■ Exercise requirements:
Starting at the line that contains "this 1365×1537 image.", write out every line through the last one in the records below, word for word. Leave out any pictures.

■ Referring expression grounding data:
---*---
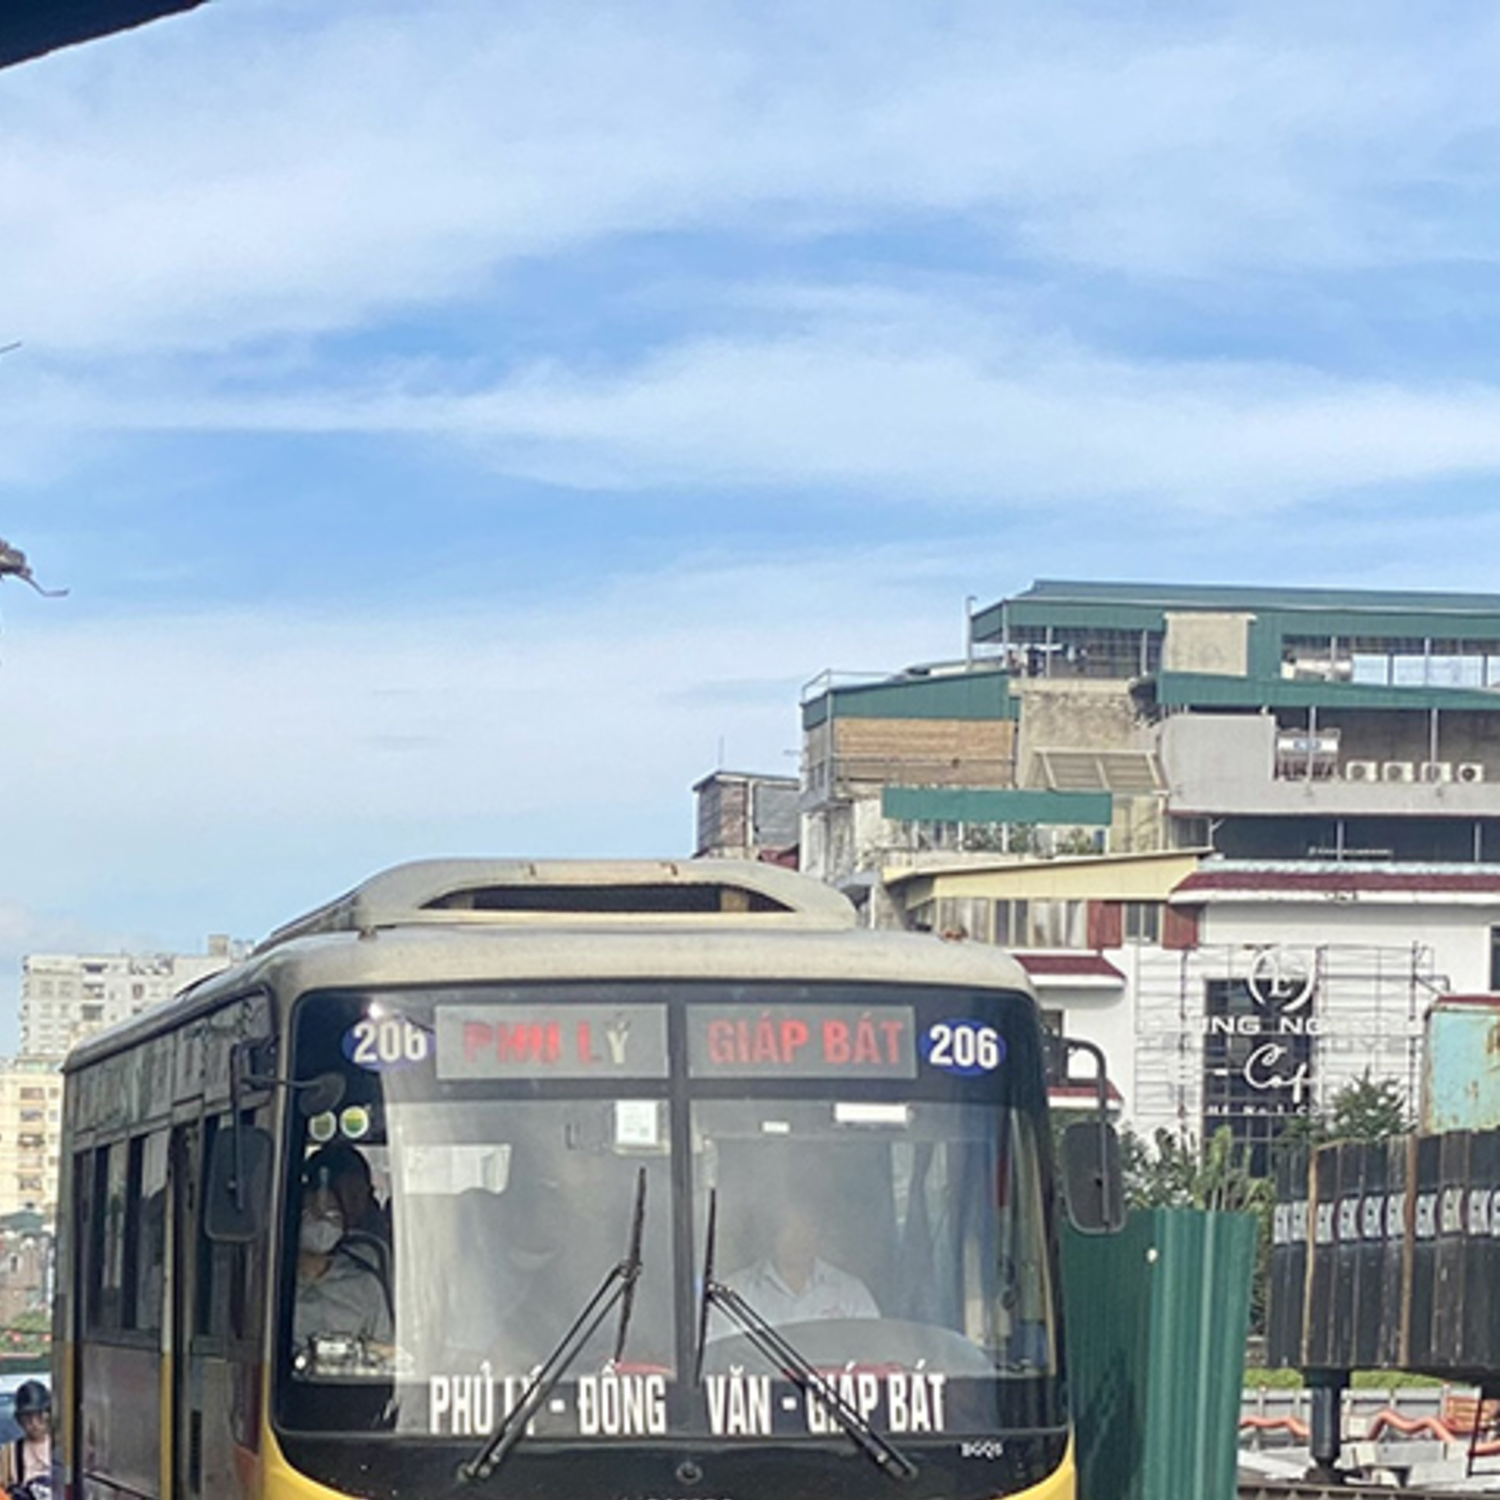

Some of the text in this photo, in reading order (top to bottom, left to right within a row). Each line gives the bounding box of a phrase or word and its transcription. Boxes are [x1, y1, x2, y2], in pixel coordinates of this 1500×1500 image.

[707, 1009, 904, 1065] GIÁP BÁT
[928, 1023, 999, 1070] 206
[429, 1359, 494, 1436] PHỦ
[706, 1364, 772, 1435] VĂN
[886, 1358, 947, 1433] BÁT
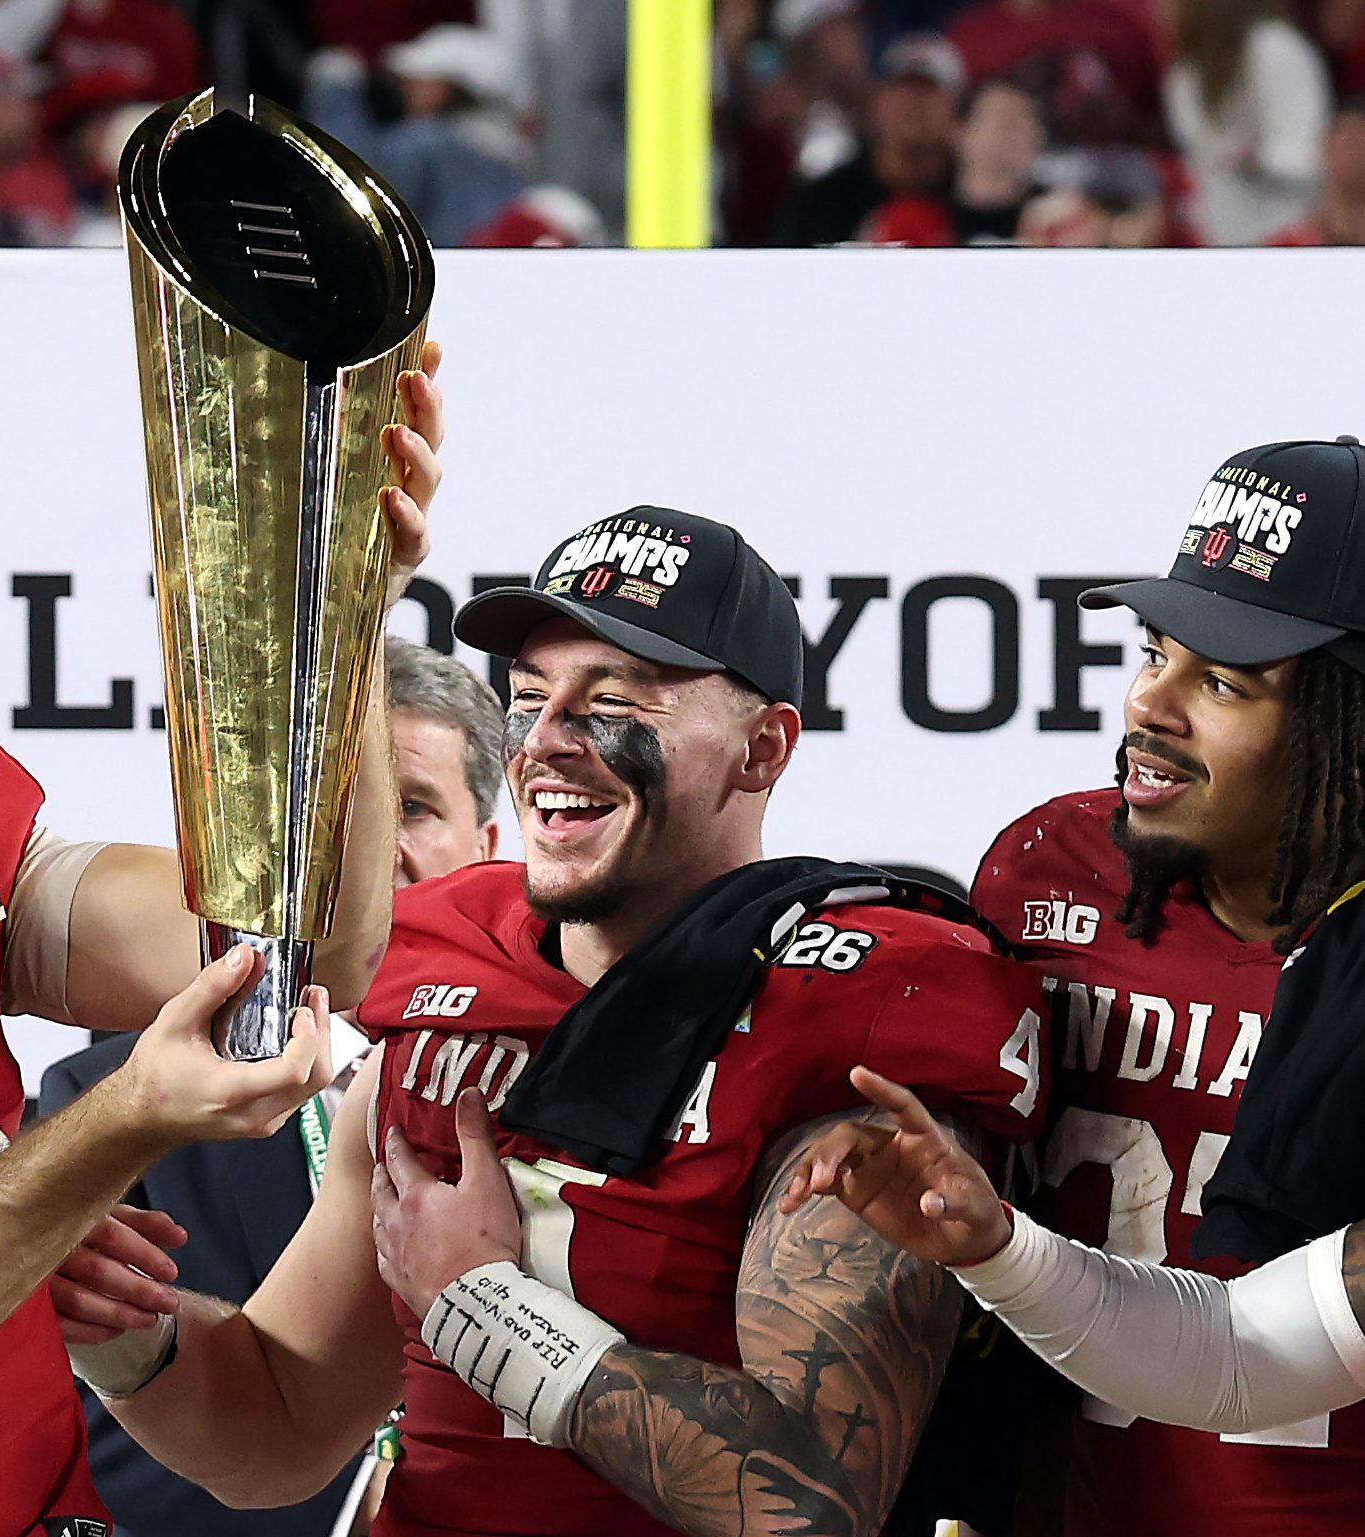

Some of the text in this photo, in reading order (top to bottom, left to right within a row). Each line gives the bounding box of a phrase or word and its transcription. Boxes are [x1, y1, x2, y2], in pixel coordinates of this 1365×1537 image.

[584, 518, 674, 543] NATIONAL
[548, 531, 690, 587] CHAMPS
[781, 922, 873, 971] 26
[1042, 976, 1263, 1098] NDIA
[518, 1303, 580, 1355] ISAIAH
[533, 1340, 569, 1370] RIP
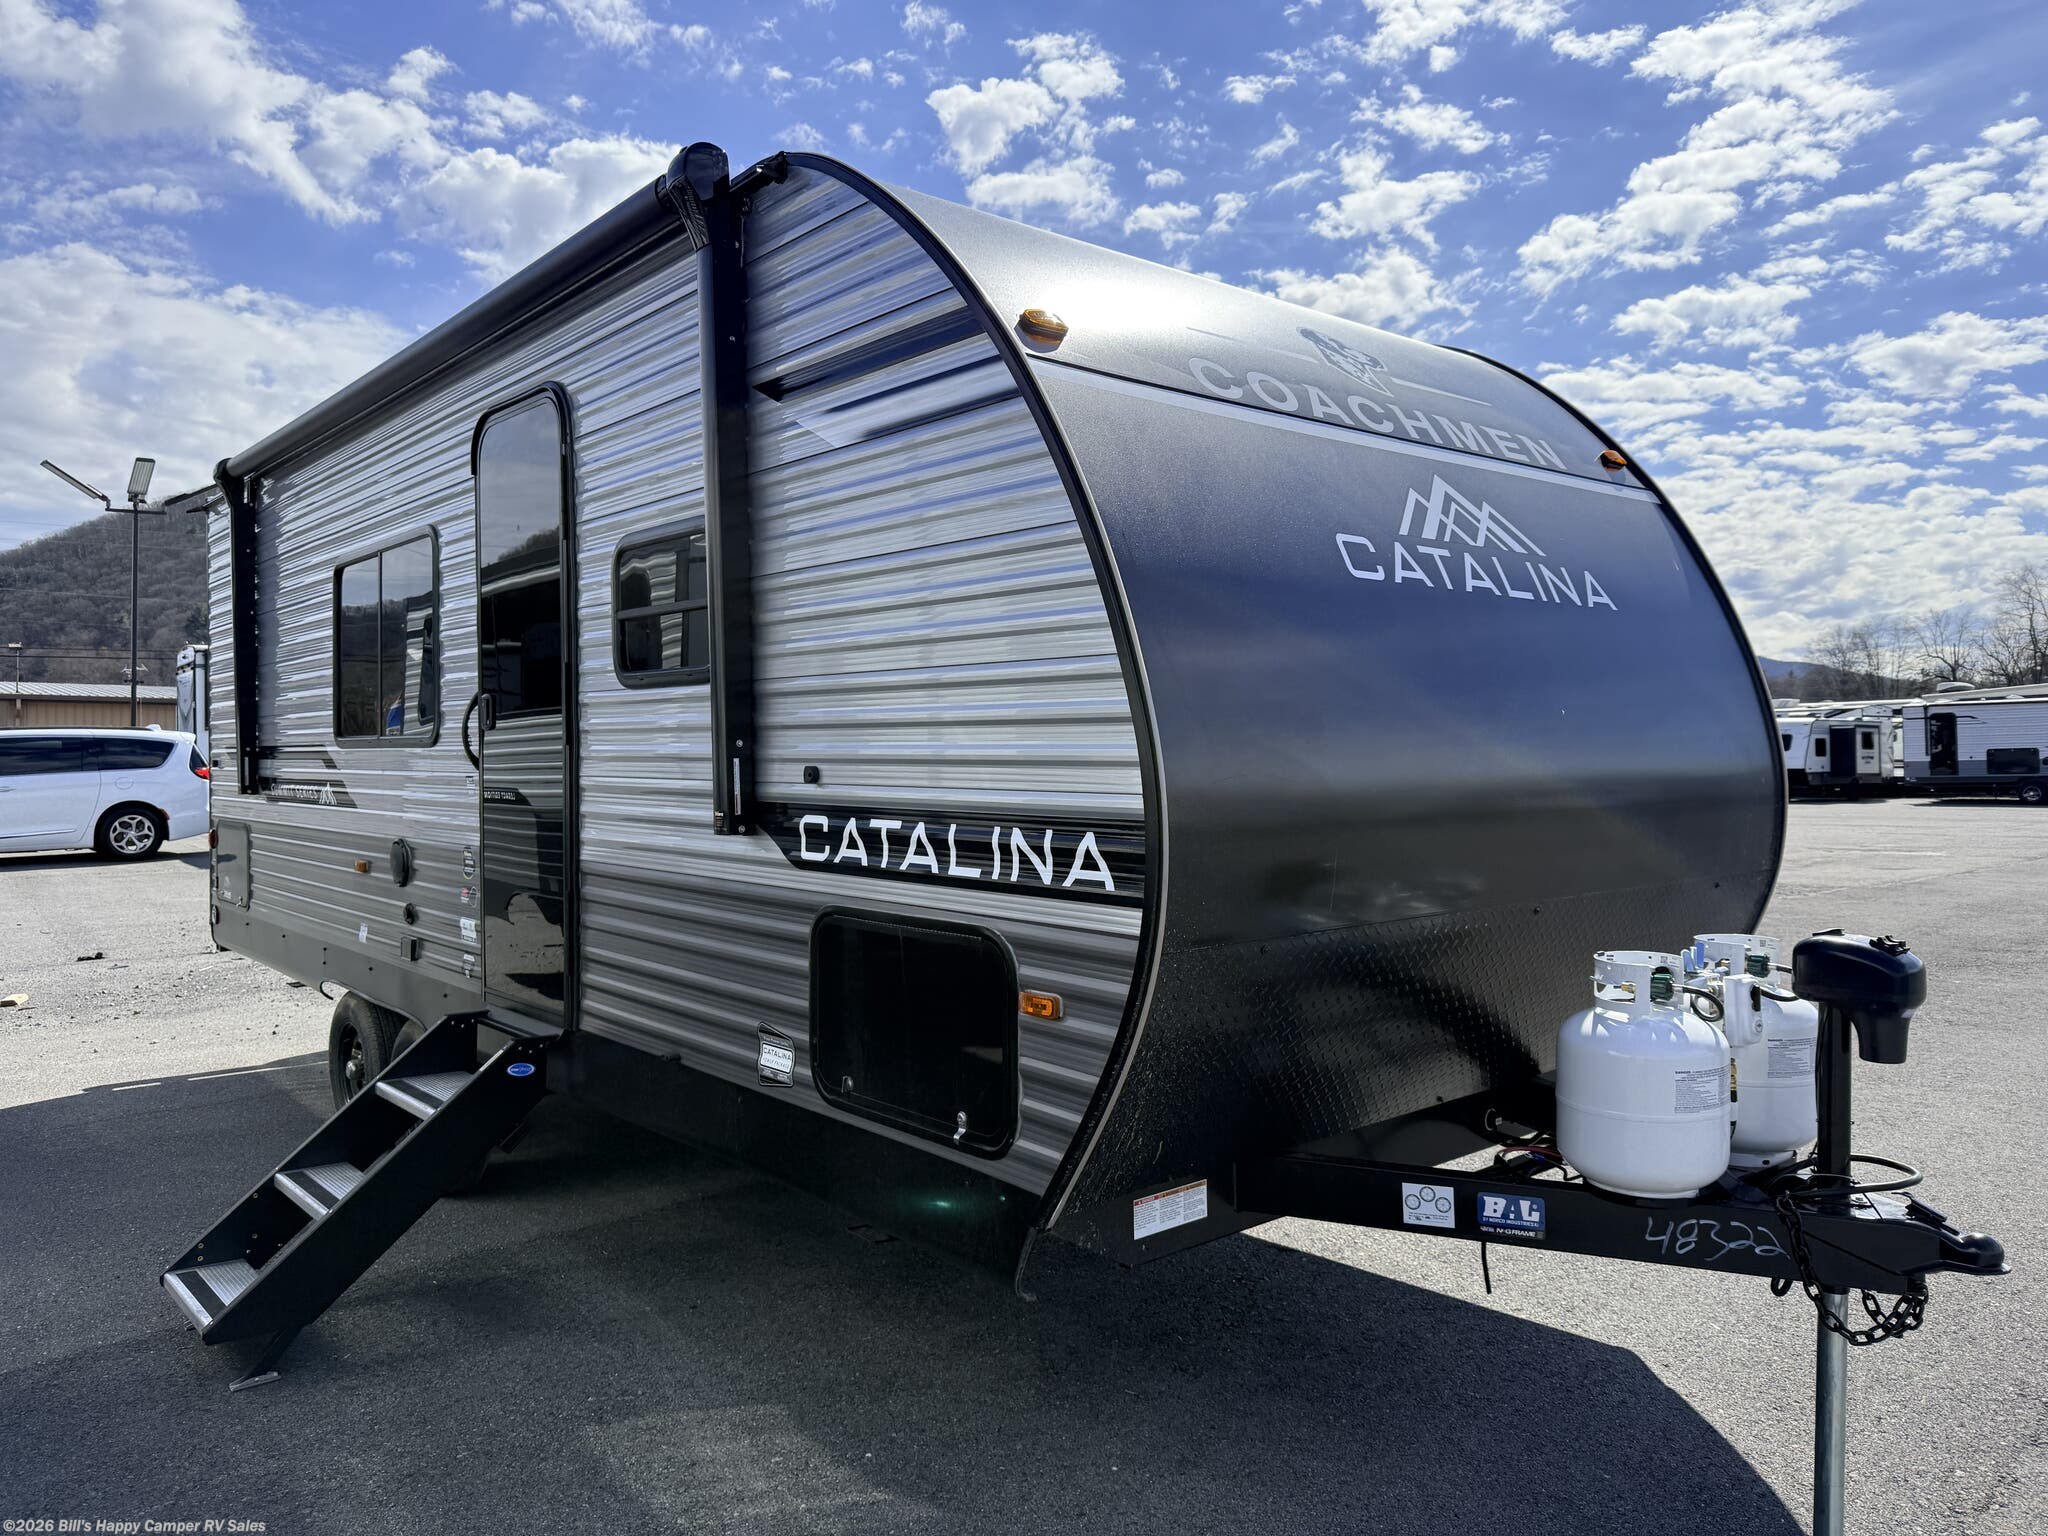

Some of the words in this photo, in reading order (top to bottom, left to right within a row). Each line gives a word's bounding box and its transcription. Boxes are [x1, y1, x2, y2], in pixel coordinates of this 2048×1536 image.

[1188, 357, 1568, 471] COACHMEN
[1335, 532, 1618, 611] CATALINA
[799, 814, 1116, 892] CATALINA
[763, 1046, 791, 1060] CATALINA
[1483, 1195, 1540, 1222] BAL
[1644, 1216, 1791, 1261] 48322
---*---
■ Answer space:
Some of the text in this photo, in reading order (top to bottom, left to right within a row). Each line gives the bounding box of a phrase or word and its transcription. Boxes are [x1, y1, x2, y2], in pixel coordinates of this 1365×1537 image.

[584, 518, 674, 543] NATIONAL
[548, 531, 690, 587] CHAMPS
[781, 922, 873, 971] 26
[1042, 976, 1263, 1098] NDIA
[518, 1303, 580, 1355] ISAIAH
[533, 1340, 569, 1370] RIP

Some of the words in this photo, in reading order (top to bottom, left to right within a row). Each line gives a word's bounding box and its transcription. Boxes are [x1, y1, x2, y2], in pixel coordinates of this 2048×1536 image.

[1188, 357, 1568, 471] COACHMEN
[1335, 532, 1618, 611] CATALINA
[799, 814, 1116, 892] CATALINA
[763, 1046, 791, 1060] CATALINA
[1483, 1195, 1540, 1222] BAL
[1644, 1216, 1791, 1261] 48322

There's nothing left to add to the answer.